13 maggio, 2017

13 maggio 1939 – Neil Sedaka, un uomo tranquillo e imperturbabile

Il 13 maggio 1939 nasce a Brooklyn il cantante e autore Neil Sedaka. Figlio di un tassista appassionato di pianoforte viene costretto fin da piccolo a passare gran parte delle giornate davanti alla tastiera. A quattordici anni frequenta l'Abraham Lincoln High School, dove stupisce i suoi compagni cantando le sue prime composizioni. Tra gli ascoltatori c'è anche un altro quattordicenne, si chiama Howard Greenfield ed è uno dei più brillanti nelle prove di composizione letteraria.
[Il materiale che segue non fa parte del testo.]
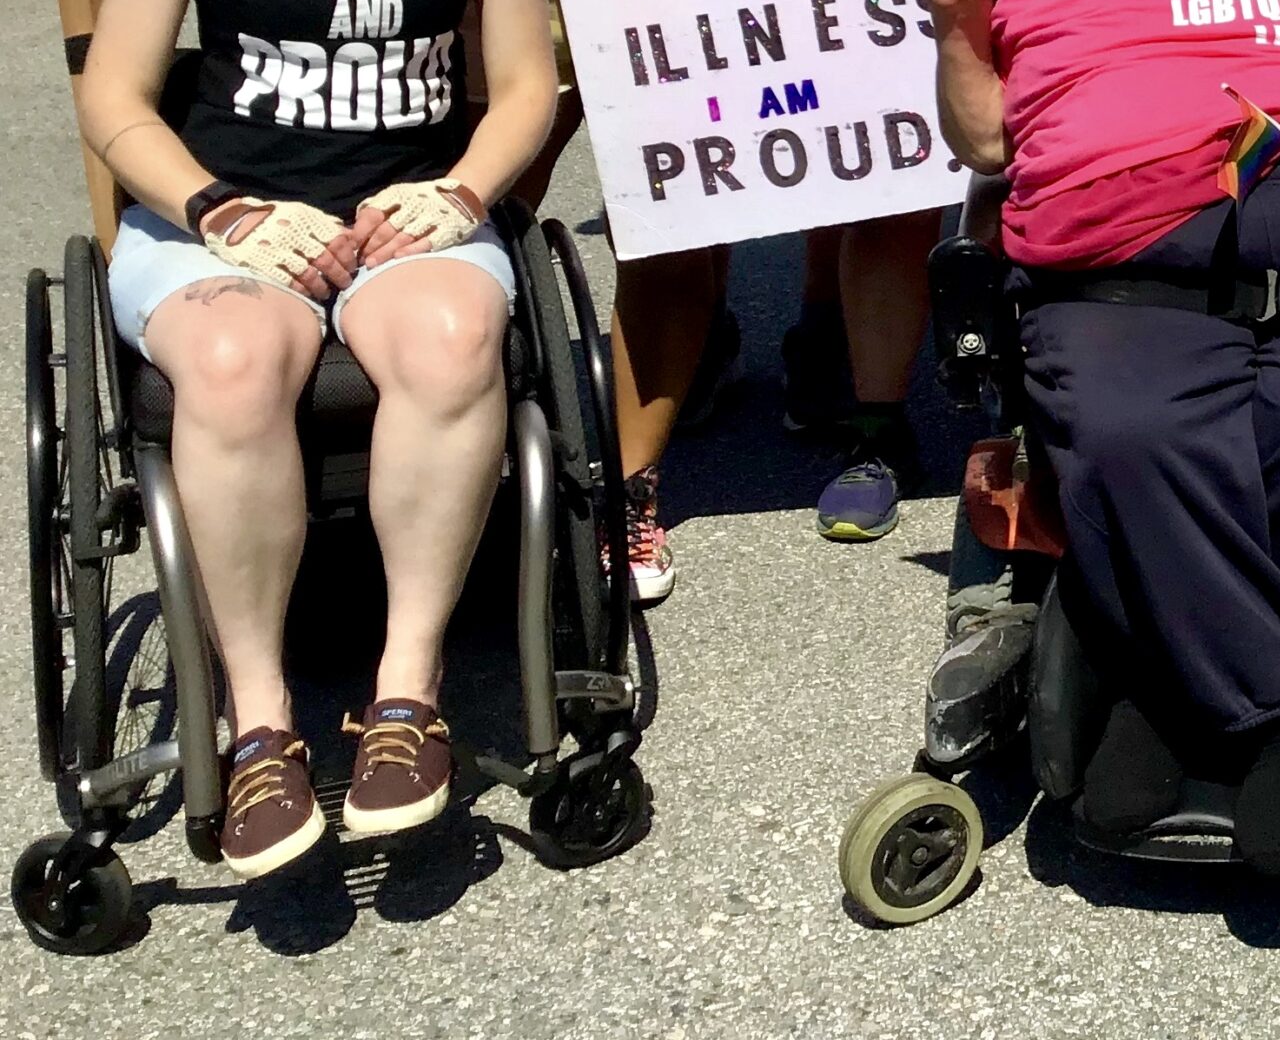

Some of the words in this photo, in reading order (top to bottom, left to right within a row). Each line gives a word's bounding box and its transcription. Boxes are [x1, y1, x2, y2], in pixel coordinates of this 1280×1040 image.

[233, 30, 455, 133] PROUD
[706, 96, 722, 122] I
[758, 79, 820, 119] AM
I due si integrano alla perfezione: Neil scrive la musica e Howard le parole. Proprio all'Abraham nasce così, con un amicizia adolescenziale, una della coppie d'autori più prolifiche della storia della musica pop cui si deve la composizione di oltre cinquecento canzoni. Dopo il liceo Sedaka supera brillantemente la prova d'accesso alla prestigiosa Juilliard School che si svolge davanti a una giuria presieduta dal famoso compositore e direttore d'orchestra Arthur Rubinstein. Nel 1956, a diciassette anni, forma la sua prima band: i Tokens. Due anni dopo firma, insieme all'inseparabile Greenfield, un contratto editoriale con la Aldon Music e inizia a produrre brani di successo come I waited too long per LaVerne Baker, Since you've been gone per Clyde McPhatter e la famosissima Stupid cupid per Connie Francis. Il successo come autore non gli toglie la voglia di cantare. Nel 1958 centra il suo primo successo come cantante con The diary, una canzone inizialmente composta per Little Anthony & The Imperials. Visti i risultati ci prende gusto e pubblica una lunga serie di brani destinati a scalare le classifiche di tutto il mondo come la splendida Oh Carol, dedicata a Carole King. L'avvento del beat non lo sorprende e non cambia la sua carriera. Fedele alla sua immagine di uomo tranquillo e imperturbabile riduce la produzione discografica e le esibizioni come cantante scegliendo di dedicarsi quasi esclusivamente alla composizione con il fido Greenfield. Alla genialità compositiva del duo devono parte del loro successo alcuni protagonisti della scena musicale degli anni Sessanta e Settanta come i Monkees, Andy Williams, Fifth Dimension, Tom Jones e altri. Vivrà un nuovo breve momento di popolarità come interprete nel 1975 quando Elton John lo convincerà a tornare in sala di registrazione per la sua etichetta Rocket Record.